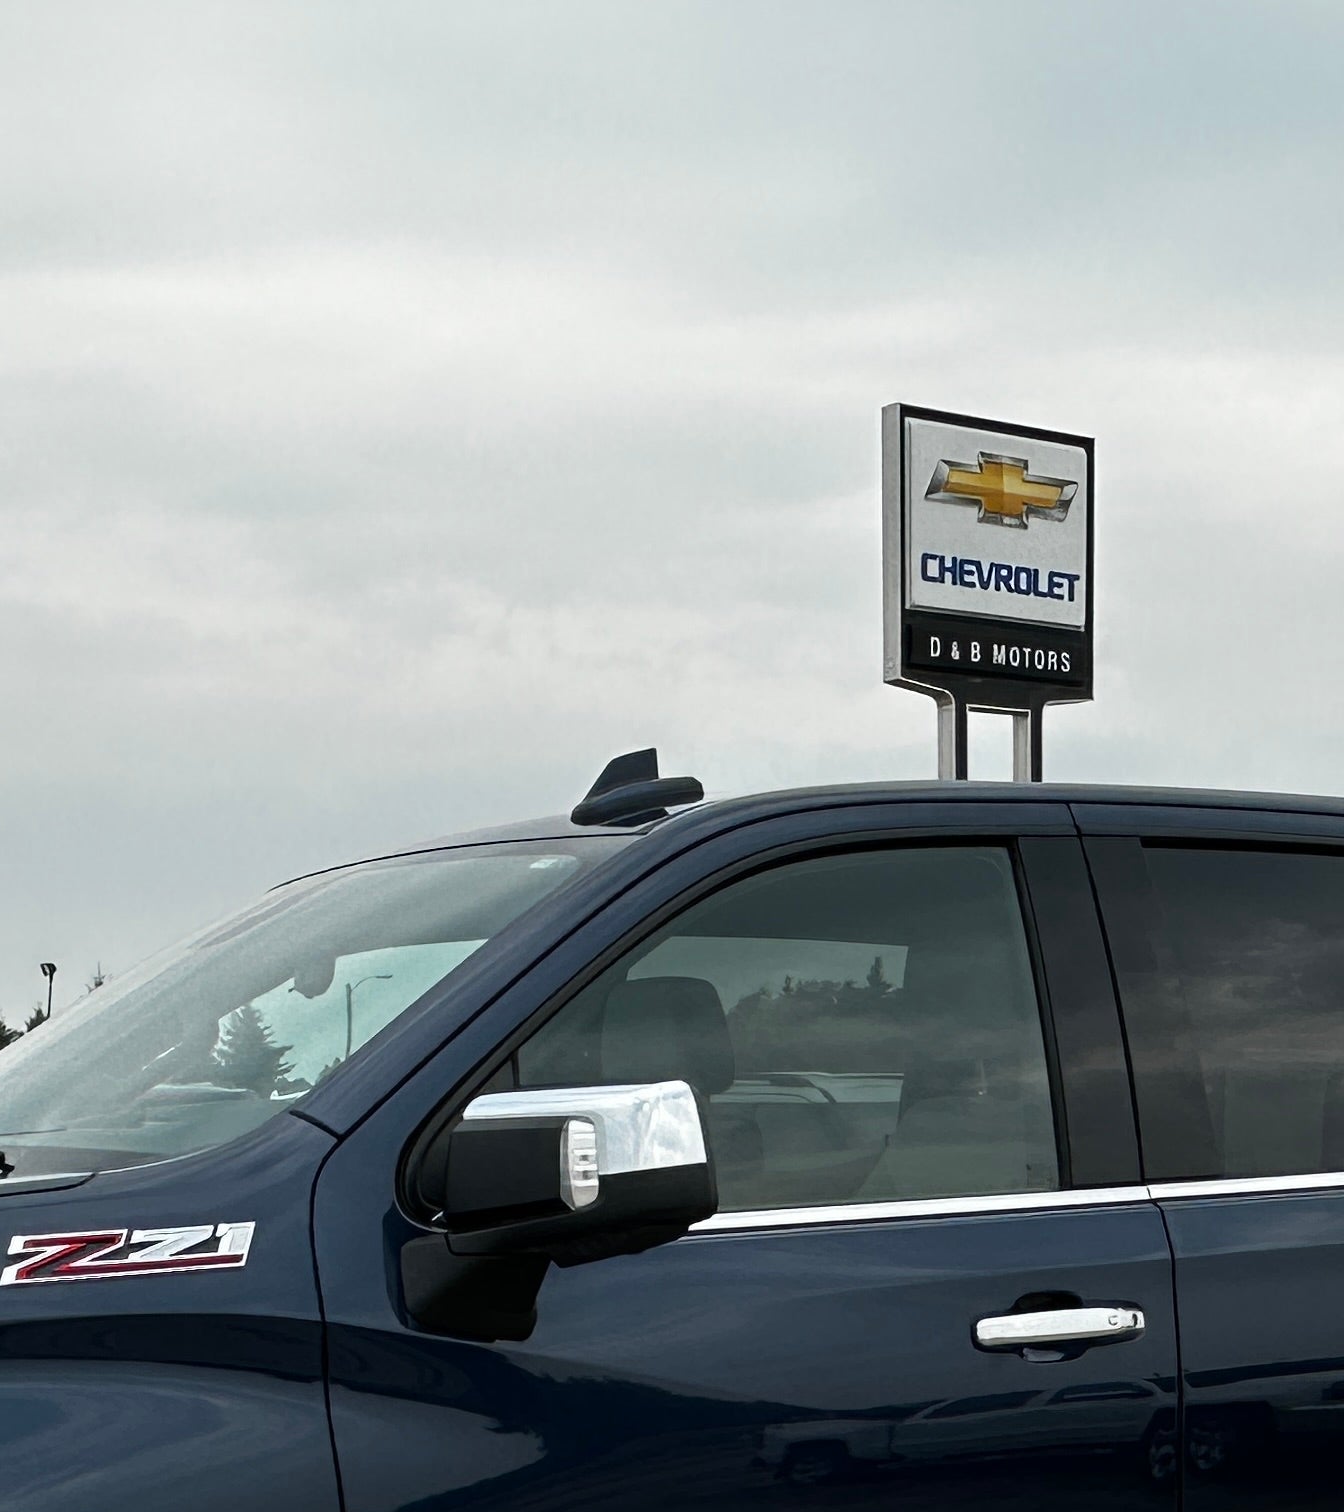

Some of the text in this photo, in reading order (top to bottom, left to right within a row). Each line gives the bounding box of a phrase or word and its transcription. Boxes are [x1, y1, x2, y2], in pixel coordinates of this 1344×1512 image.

[920, 552, 1081, 602] CHEVROLET
[930, 636, 1072, 673] D & B MOTORS
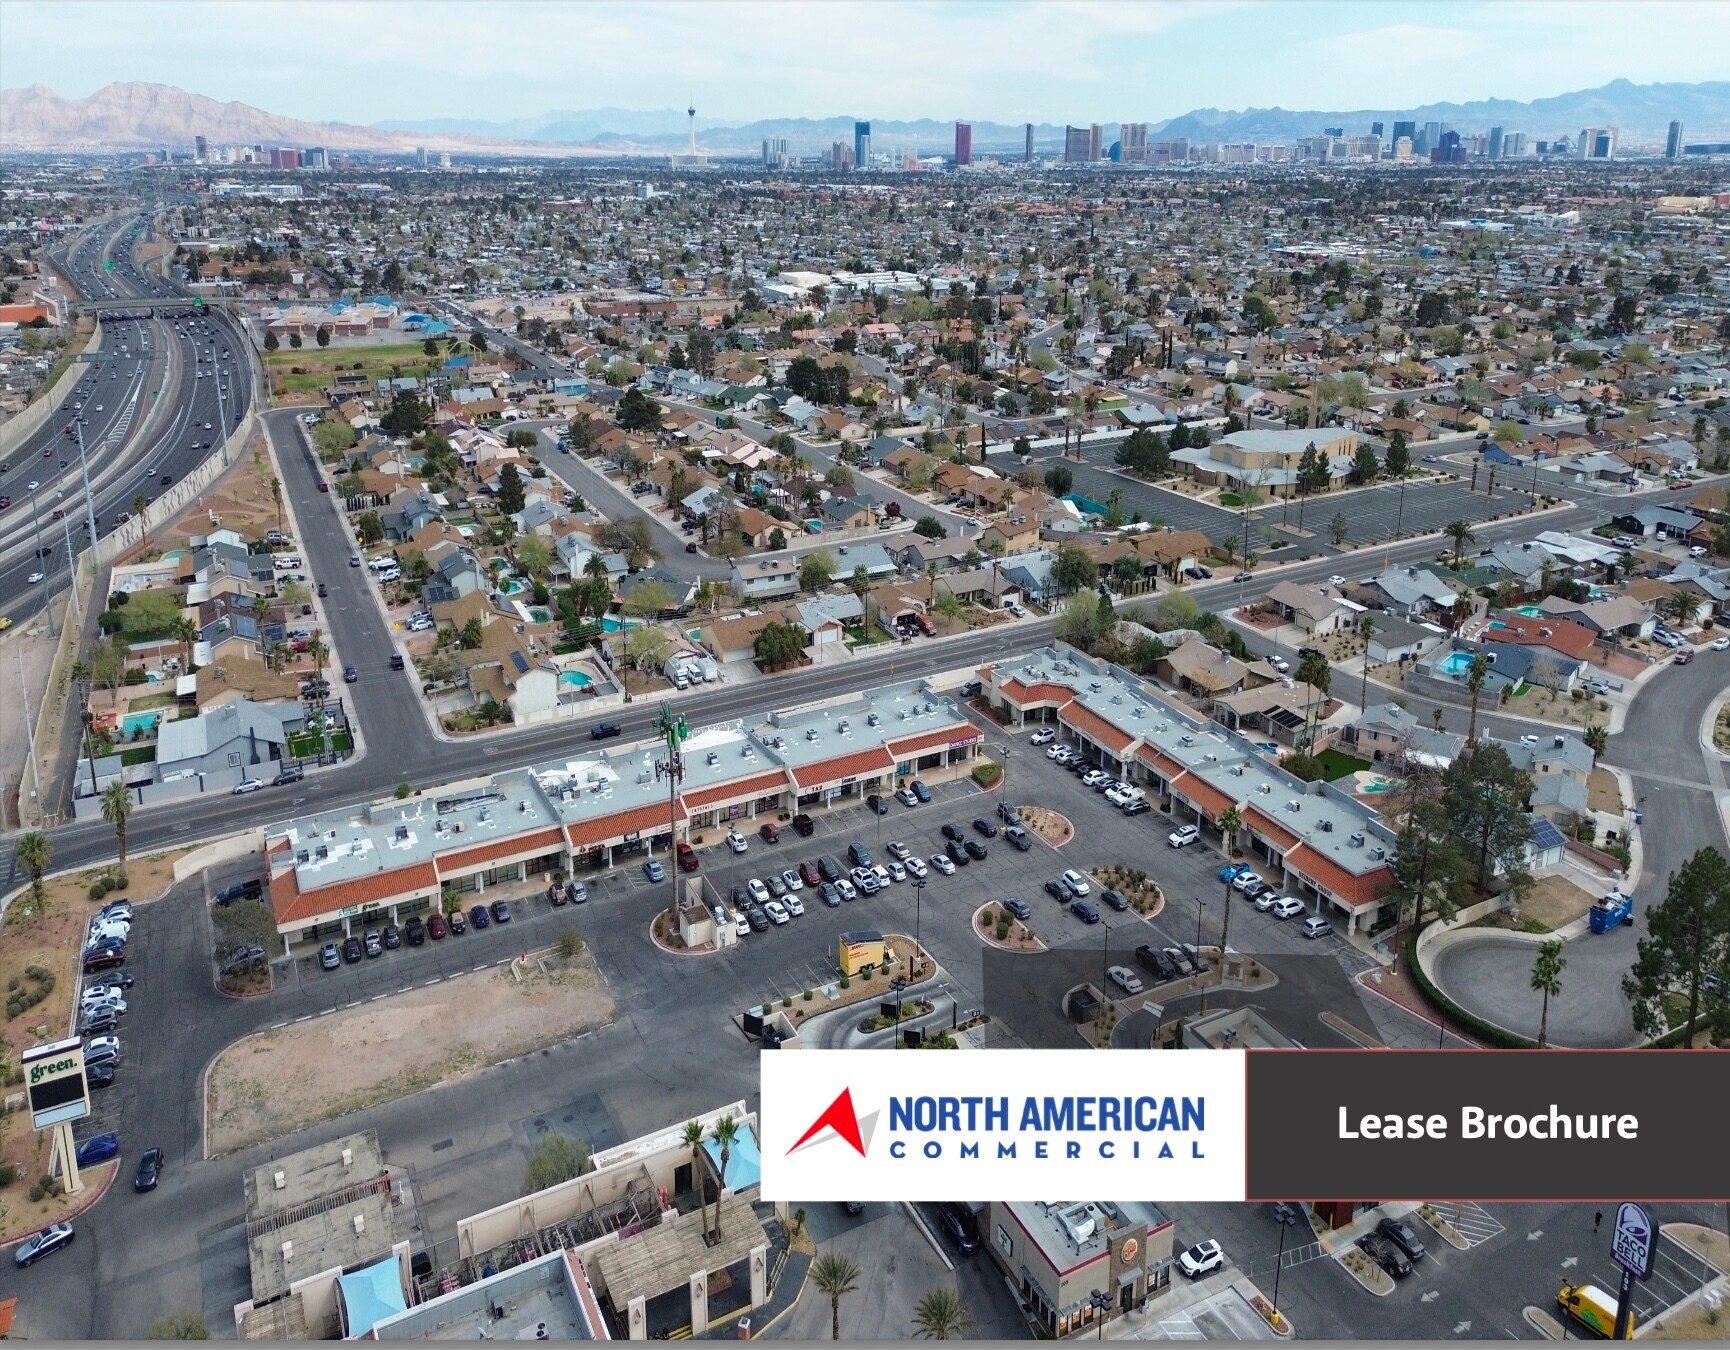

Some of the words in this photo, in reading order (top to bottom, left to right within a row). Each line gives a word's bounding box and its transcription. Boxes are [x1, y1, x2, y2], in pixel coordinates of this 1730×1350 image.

[30, 1057, 78, 1084] green.
[1616, 1228, 1646, 1258] TACO
[1616, 1241, 1644, 1269] BELL
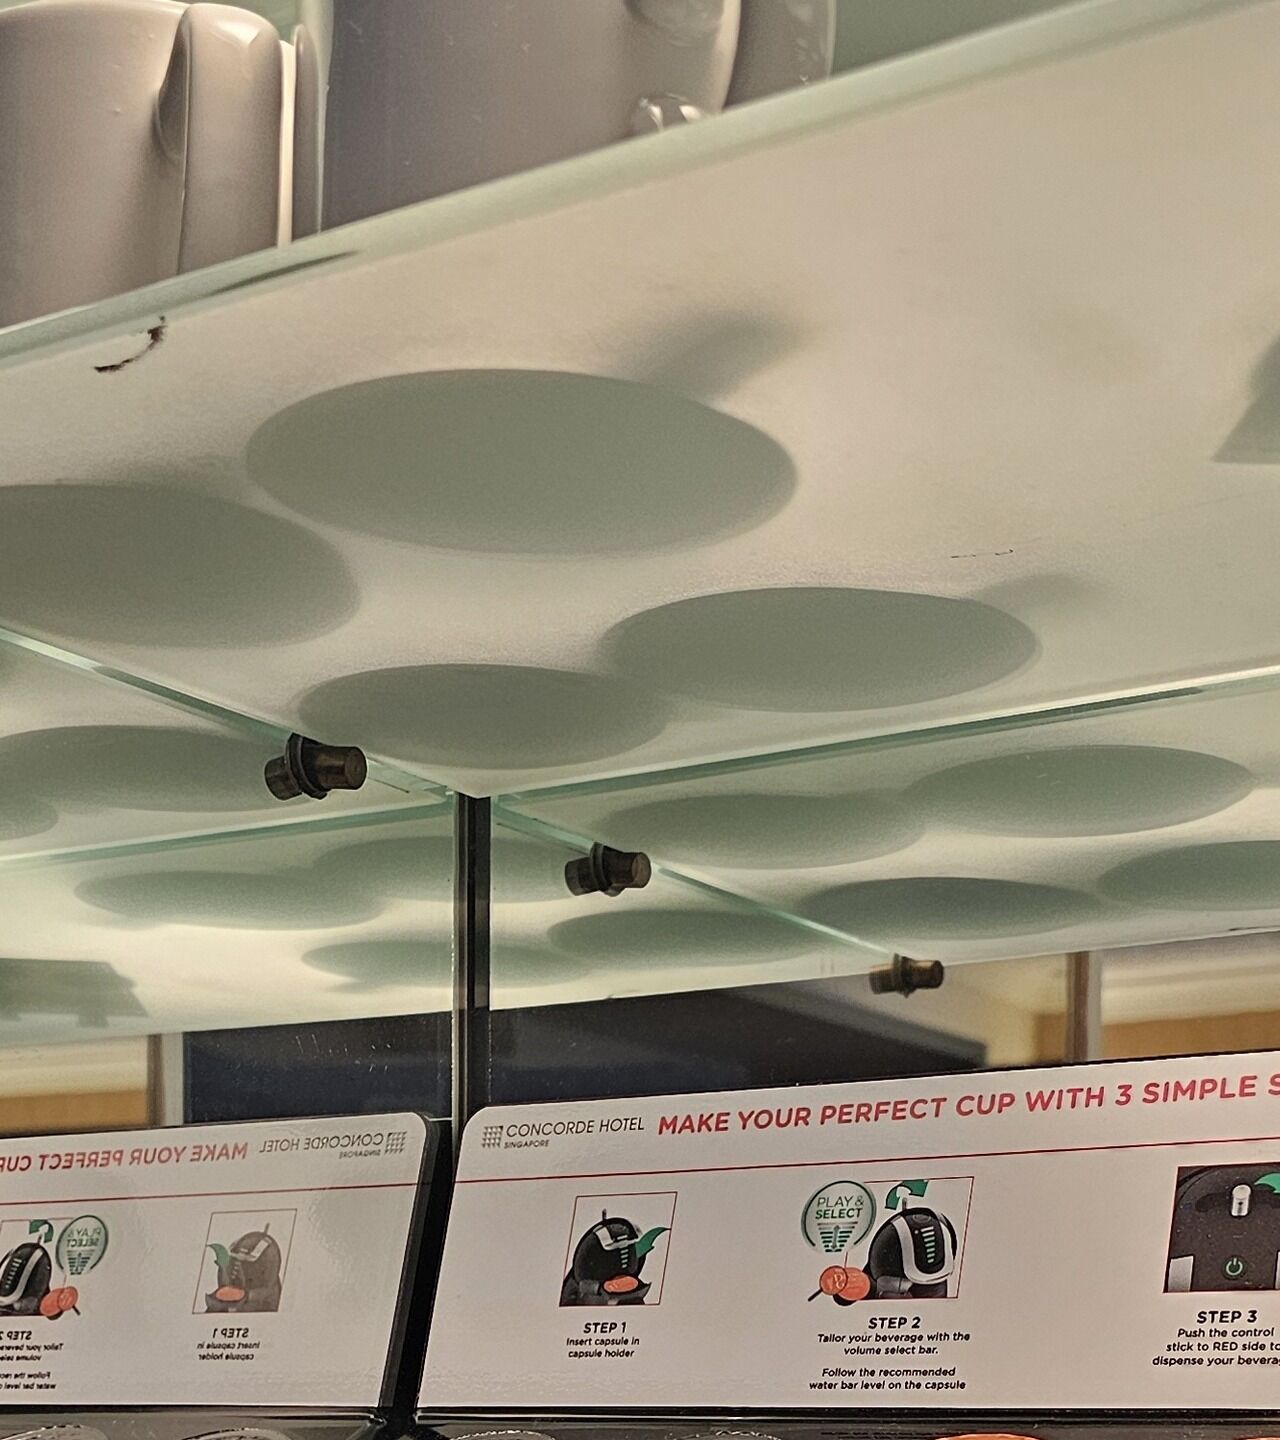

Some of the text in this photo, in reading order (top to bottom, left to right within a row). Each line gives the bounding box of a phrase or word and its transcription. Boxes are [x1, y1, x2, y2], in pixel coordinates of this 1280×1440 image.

[658, 1112, 730, 1135] MAKE
[738, 1106, 810, 1132] YOUR
[819, 1097, 948, 1126] PERFECT
[955, 1093, 1016, 1118] CUP
[1025, 1086, 1105, 1113] WITH
[1116, 1083, 1132, 1107] 3
[1142, 1074, 1258, 1104] SIMPLE
[506, 1116, 645, 1138] CONCORDE HOTEL
[504, 1139, 550, 1149] SINGAPORE
[816, 1194, 865, 1208] PLAY &
[815, 1207, 864, 1220] SELECT
[868, 1316, 921, 1330] STEP 2
[1196, 1309, 1258, 1324] STEP 3
[583, 1320, 627, 1334] STEP 1
[1177, 1327, 1275, 1338] Push the control
[566, 1336, 640, 1347] Insert capsule in
[817, 1331, 971, 1345] Tailor your beverage with the
[844, 1344, 939, 1355] volume select bar.
[1166, 1341, 1194, 1352] stick
[1197, 1342, 1210, 1352] to
[1212, 1341, 1239, 1352] RED
[1241, 1341, 1266, 1351] side
[568, 1348, 635, 1360] capsule holder
[1152, 1355, 1204, 1368] dispense
[1207, 1357, 1234, 1367] your
[822, 1367, 956, 1378] Follow the recommended
[809, 1379, 967, 1392] water bar level on the capsule
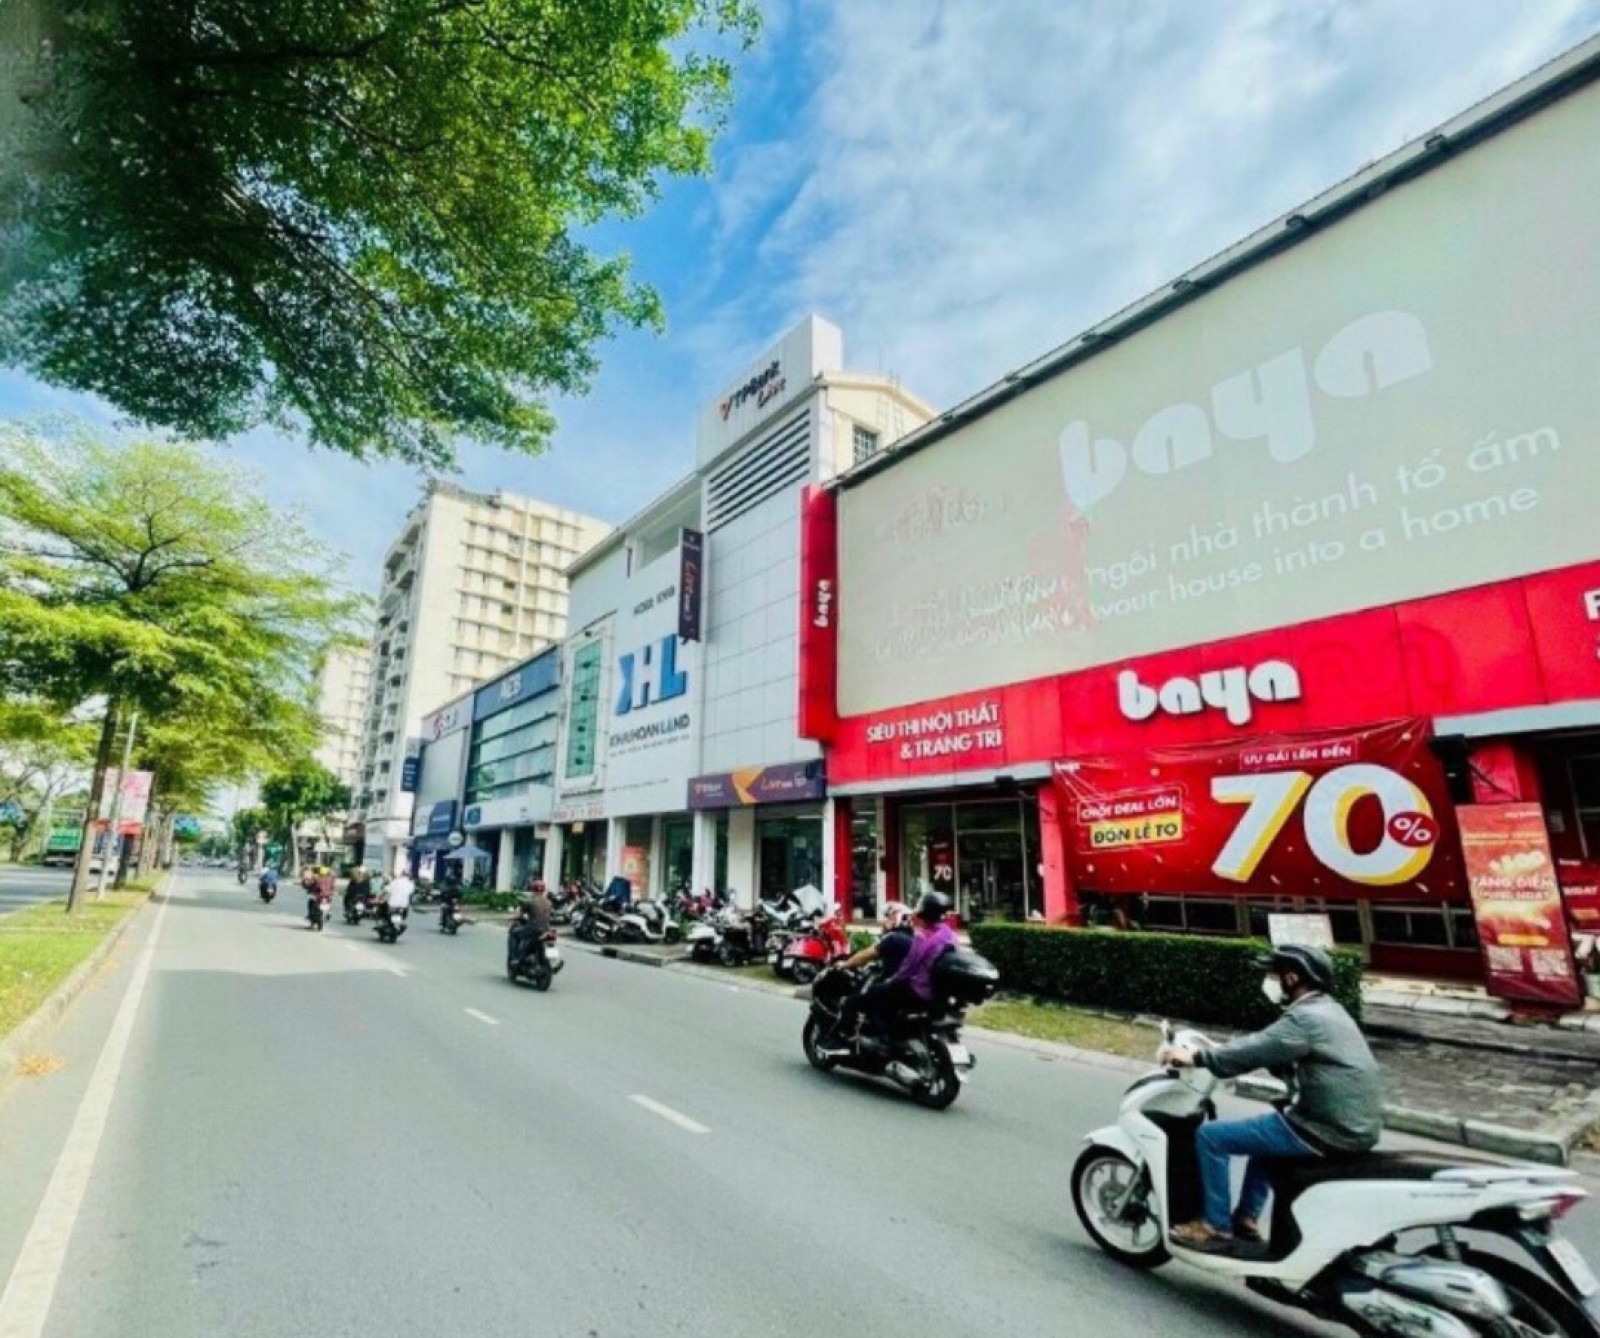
=======
> Exercise requirements: Only the lines from the line that contains "Some of the words" through the end of the entries are to be written out, exactly and without pictures, both ends included.

> Exercise output:
Some of the words in this photo, in reading order (top to bottom, left to right within a row). Each line gives a word's bounding box and its transcription. Boxes are [x1, y1, x2, y2], in pixel coordinates of this 1730×1350 image.

[30, 1057, 78, 1084] green.
[1616, 1228, 1646, 1258] TACO
[1616, 1241, 1644, 1269] BELL

Some of the text in this photo, in reading order (top to bottom, left to right within a row). Each line gives the bounding box of a phrase or word and its transcription. Boxes are [x1, y1, x2, y2], in pixel coordinates of this 1280×1440 image.

[658, 1112, 730, 1135] MAKE
[738, 1106, 810, 1132] YOUR
[819, 1097, 948, 1126] PERFECT
[955, 1093, 1016, 1118] CUP
[1025, 1086, 1105, 1113] WITH
[1116, 1083, 1132, 1107] 3
[1142, 1074, 1258, 1104] SIMPLE
[506, 1116, 645, 1138] CONCORDE HOTEL
[504, 1139, 550, 1149] SINGAPORE
[816, 1194, 865, 1208] PLAY &
[815, 1207, 864, 1220] SELECT
[868, 1316, 921, 1330] STEP 2
[1196, 1309, 1258, 1324] STEP 3
[583, 1320, 627, 1334] STEP 1
[1177, 1327, 1275, 1338] Push the control
[566, 1336, 640, 1347] Insert capsule in
[817, 1331, 971, 1345] Tailor your beverage with the
[844, 1344, 939, 1355] volume select bar.
[1166, 1341, 1194, 1352] stick
[1197, 1342, 1210, 1352] to
[1212, 1341, 1239, 1352] RED
[1241, 1341, 1266, 1351] side
[568, 1348, 635, 1360] capsule holder
[1152, 1355, 1204, 1368] dispense
[1207, 1357, 1234, 1367] your
[822, 1367, 956, 1378] Follow the recommended
[809, 1379, 967, 1392] water bar level on the capsule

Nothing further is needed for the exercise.